David Sacks used X to argue that software engineer job postings are rising even as AI tools automate more coding work, claiming there has been a “14x YoY increase in GitHub commits” and that the trend points to a “massive productivity boom” rather than a wave of AI-driven job losses.
In the post, Sacks asserted that AI has “dramatically lowered the cost of writing code,” which in turn has led to software being used across more businesses, applications, and use cases. He also claimed that “coding has been AI’s breakout use case this year” and that the increase in demand for engineers should “call into question” the broader “AI will cause mass job loss” narrative. He later asked Grok to “fact-check this.”
He followed up hours later with an “UPDATE,” stating that “the trend line is even stronger” and that both software job postings and AI-generated code “continue to grow by the week.”

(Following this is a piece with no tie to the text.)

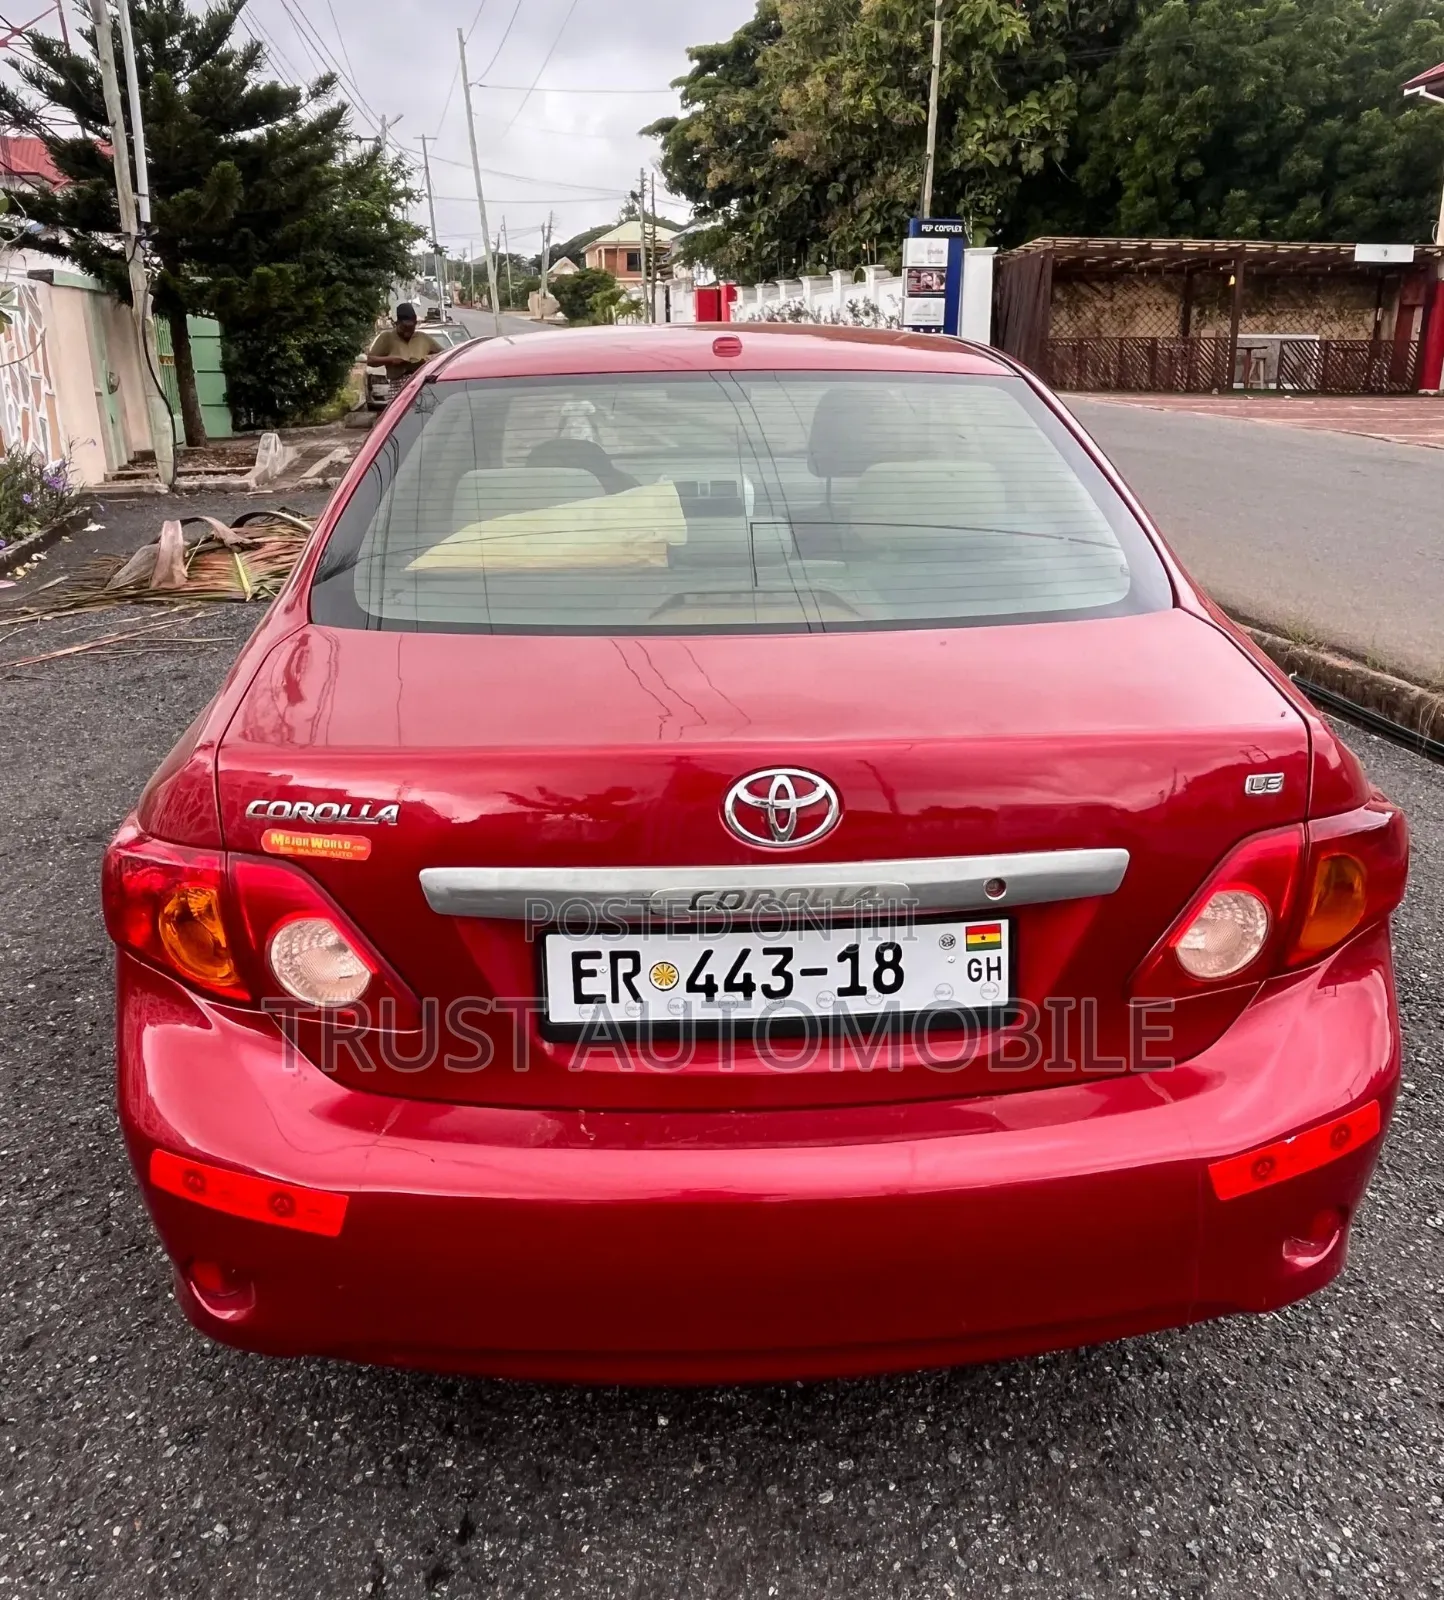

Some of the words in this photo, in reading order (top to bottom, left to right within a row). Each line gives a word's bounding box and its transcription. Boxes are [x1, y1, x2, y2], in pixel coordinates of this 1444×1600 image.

Replies beneath the posts reflected a familiar split. Some commenters agreed that cheaper code could be expanding demand, with one citing “Jevons Paradox” and another arguing that AI agents eliminate bottlenecks rather than engineering jobs. Others pushed back on the 14x figure, noting that it may reflect agent output rather than human demand, and that commits are not the same as hires. One commenter also pointed to a separate 25% year-over-year commits figure from GitHub’s Octoverse, suggesting the headline number may need more context.
Several replies converged on a narrower point: AI may be changing the work, even if it does not remove the need for engineers. Commenters mentioned review, maintenance, architecture, security, and long-term ownership as areas that still require human oversight, while one argued that “job postings ≠ hires” and that the more meaningful data would be net hiring and unemployment trends.